With pictures removed, the data below should be returned exactly.

·····

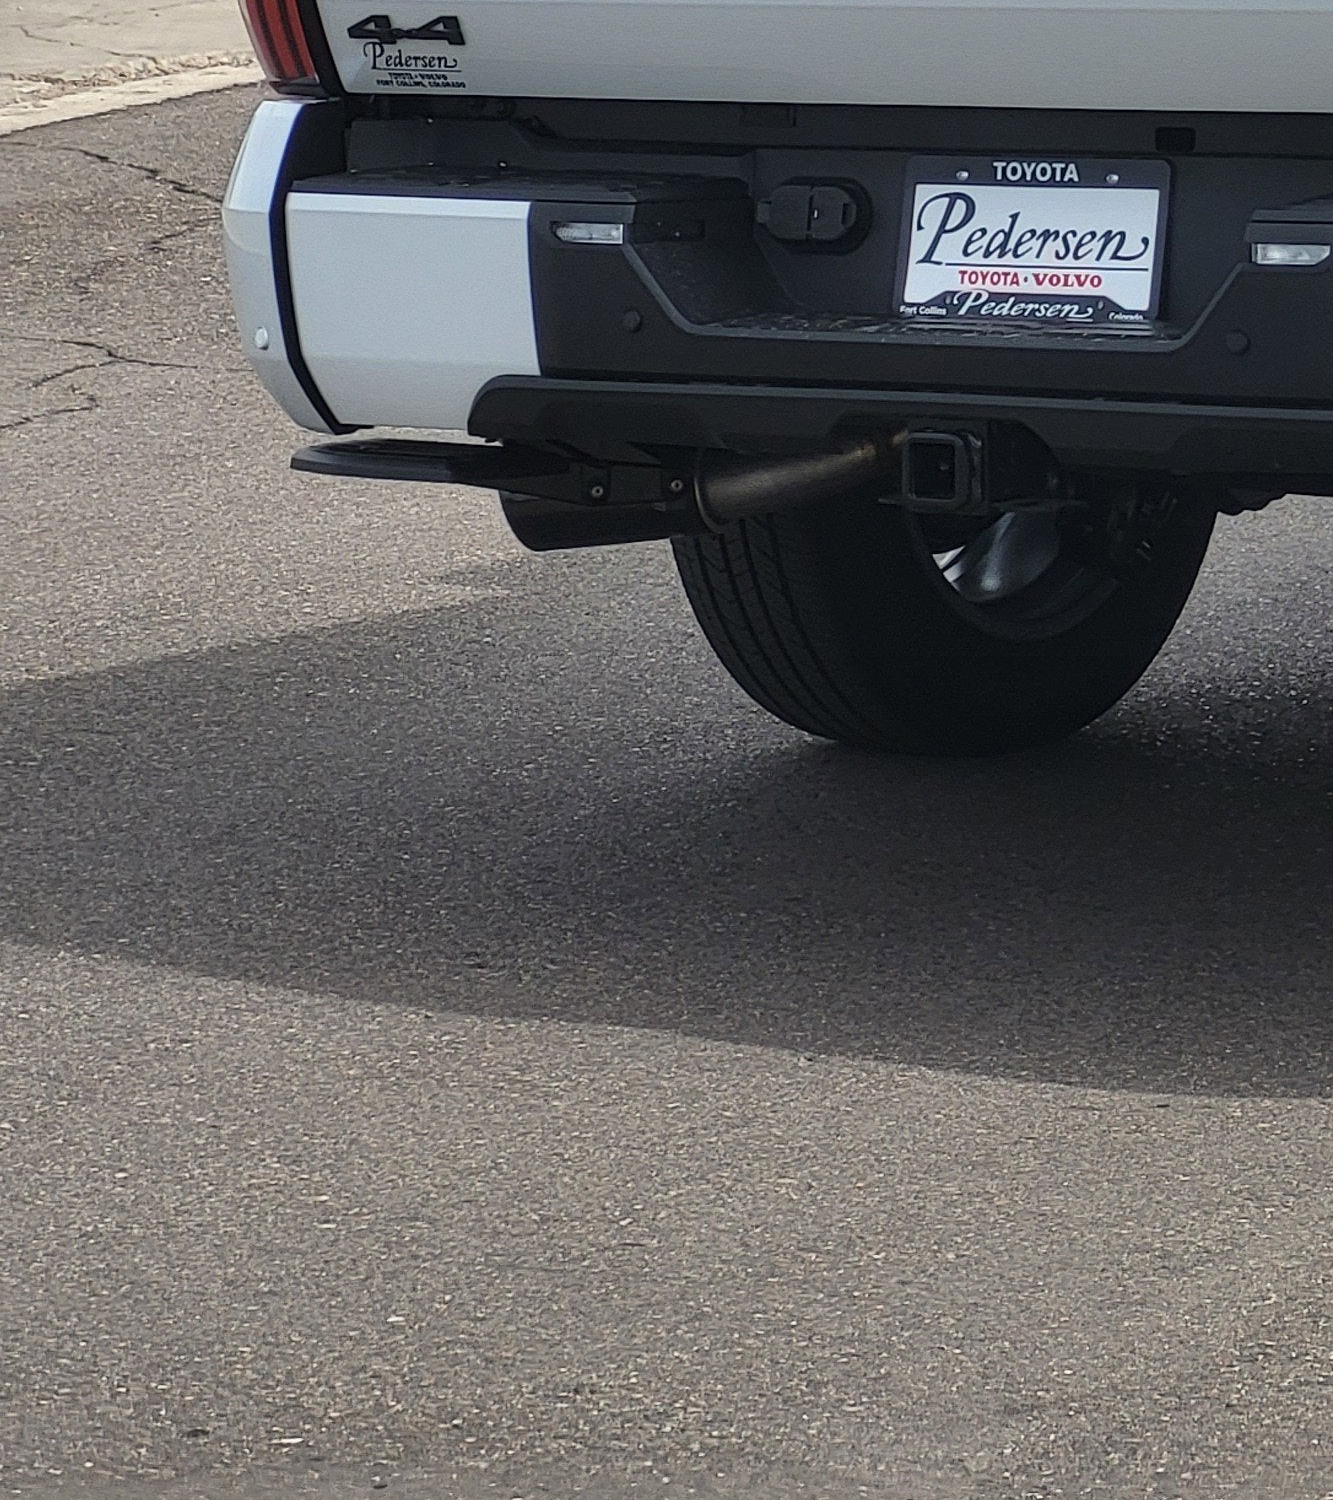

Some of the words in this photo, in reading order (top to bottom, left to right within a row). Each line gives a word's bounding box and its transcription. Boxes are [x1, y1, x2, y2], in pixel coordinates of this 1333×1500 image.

[363, 41, 459, 70] Pedersen
[993, 161, 1080, 183] TOYOTA
[915, 191, 1150, 266] Pedersen
[958, 270, 1021, 286] TOYOTA
[1032, 272, 1103, 288] VOLVO
[919, 305, 947, 316] Collins
[953, 289, 1094, 320] Pedersen
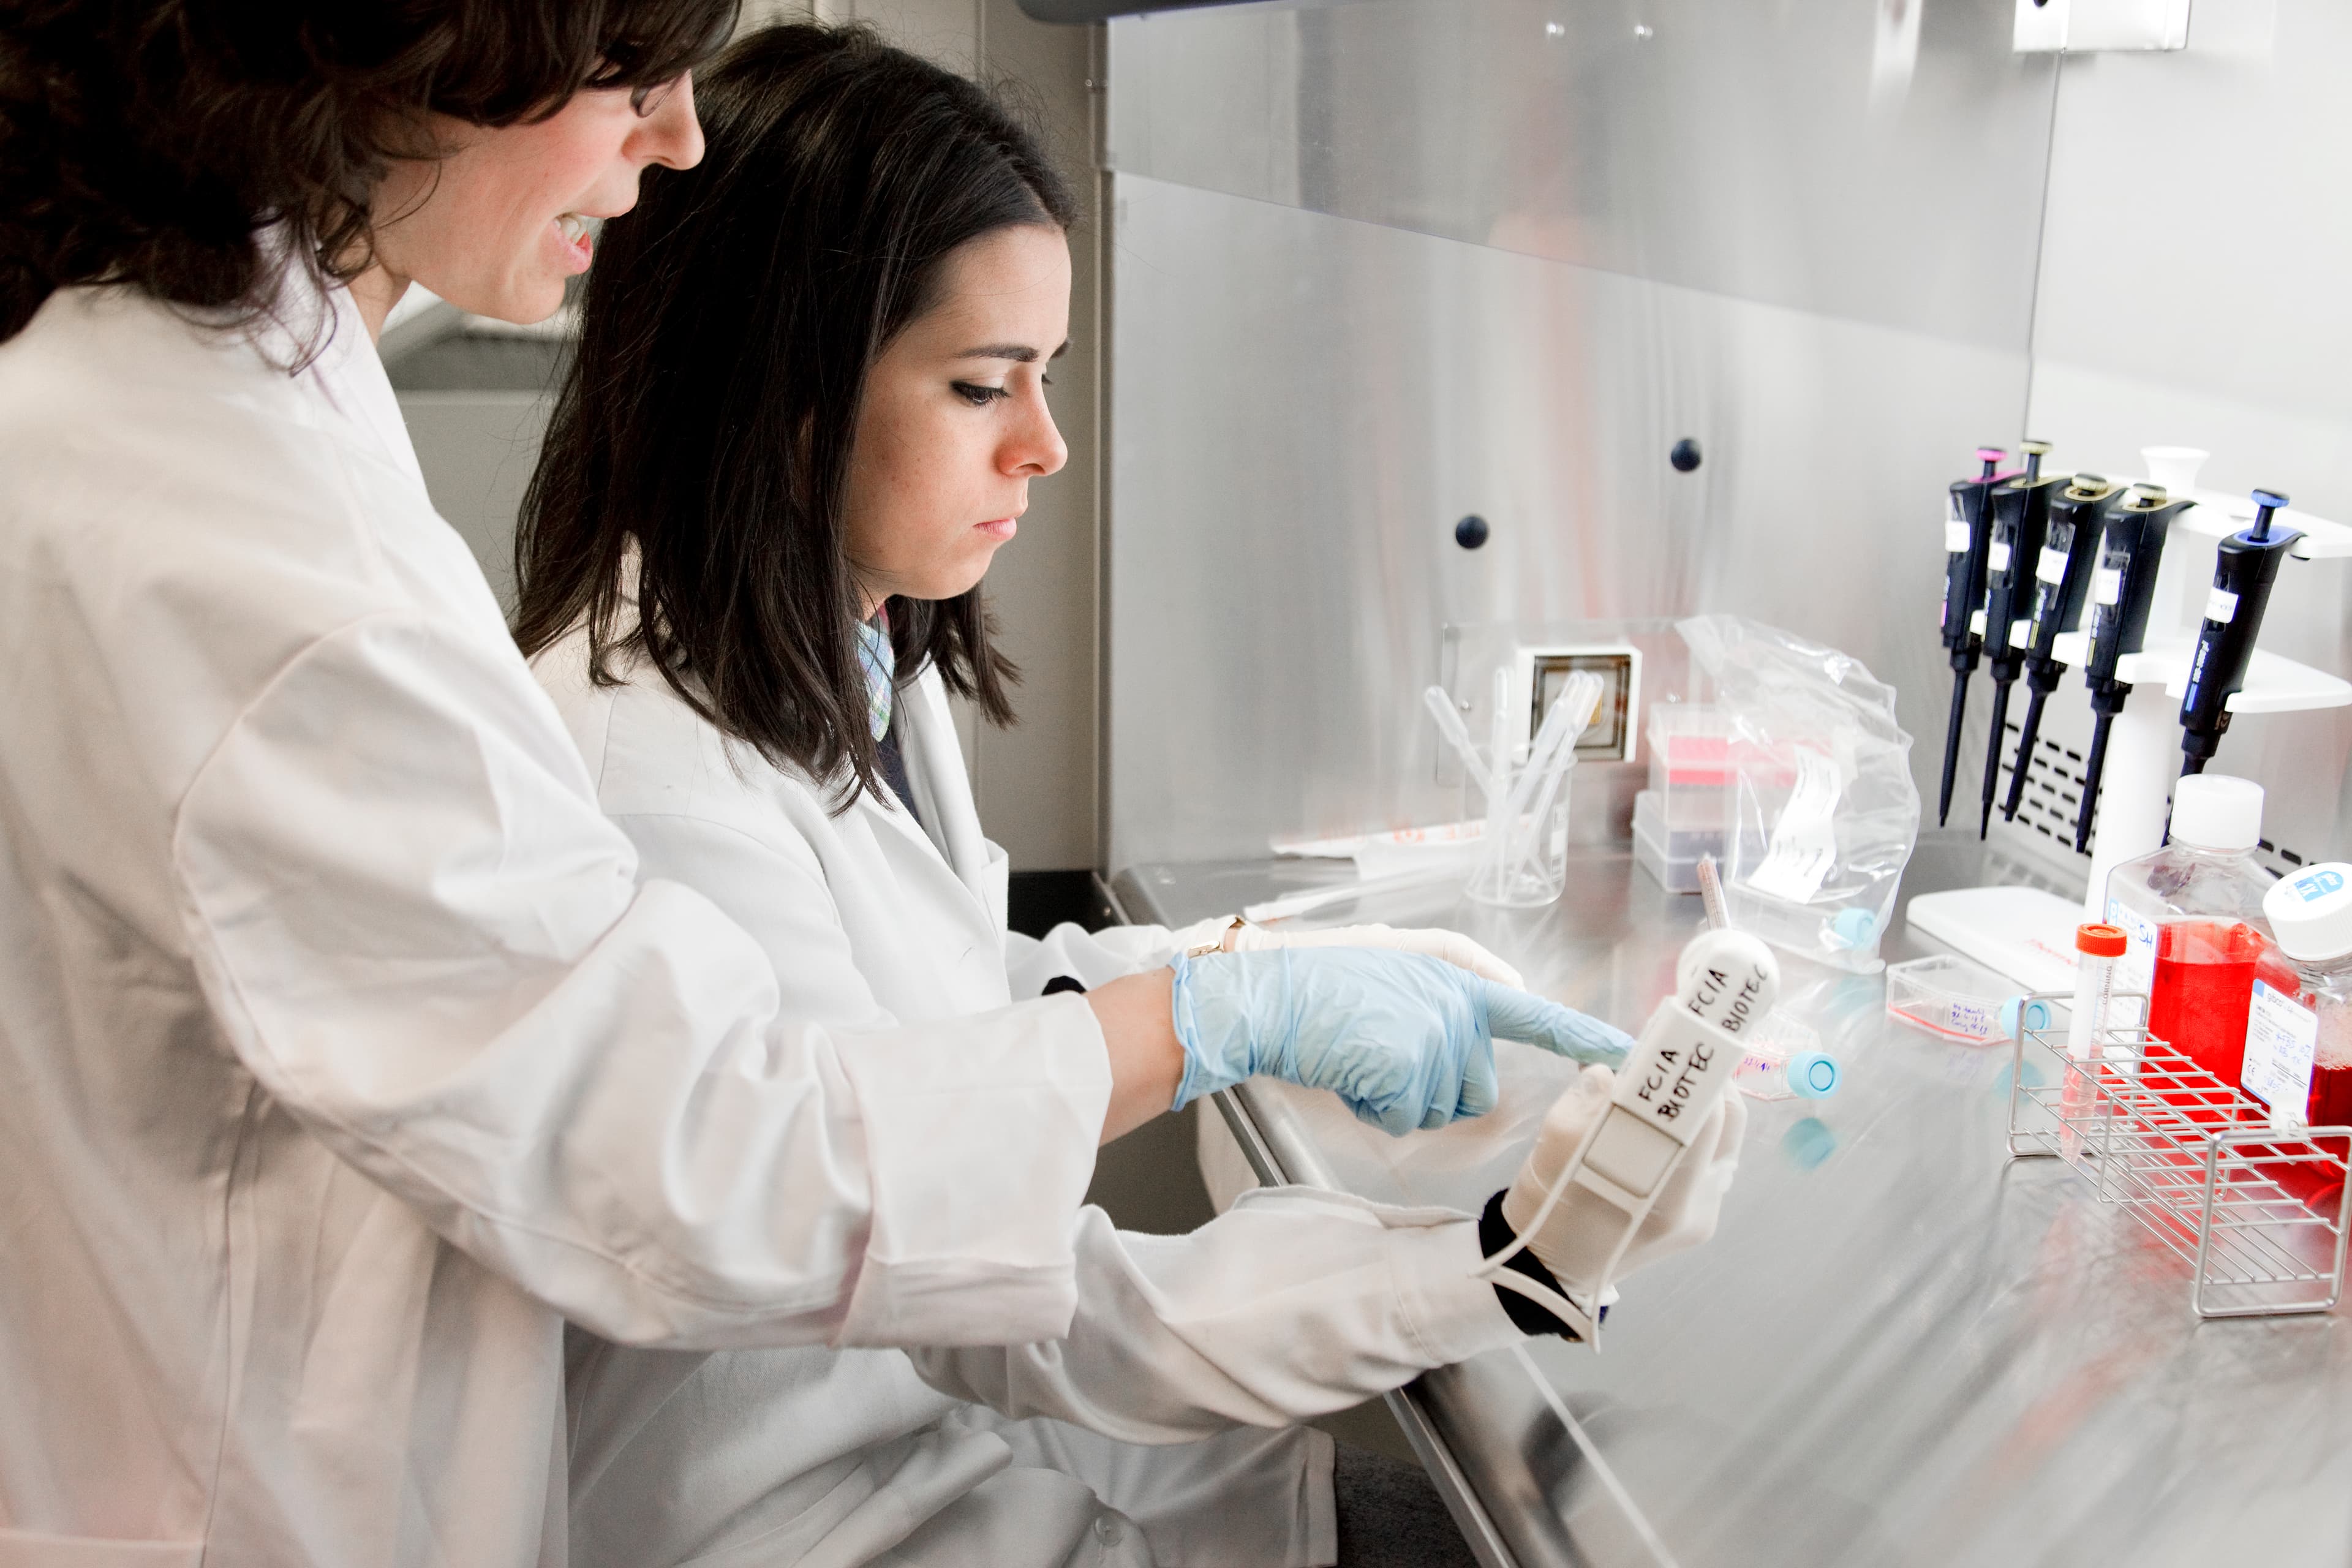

·····

_Result:_
Some of the words in this photo, in reading order (top to bottom, left to right within a row). Each line gives a word's bounding box and its transcription. Boxes are [x1, y1, x2, y2], in pixel coordinates of this 1333×1500 image.

[363, 41, 459, 70] Pedersen
[993, 161, 1080, 183] TOYOTA
[915, 191, 1150, 266] Pedersen
[958, 270, 1021, 286] TOYOTA
[1032, 272, 1103, 288] VOLVO
[919, 305, 947, 316] Collins
[953, 289, 1094, 320] Pedersen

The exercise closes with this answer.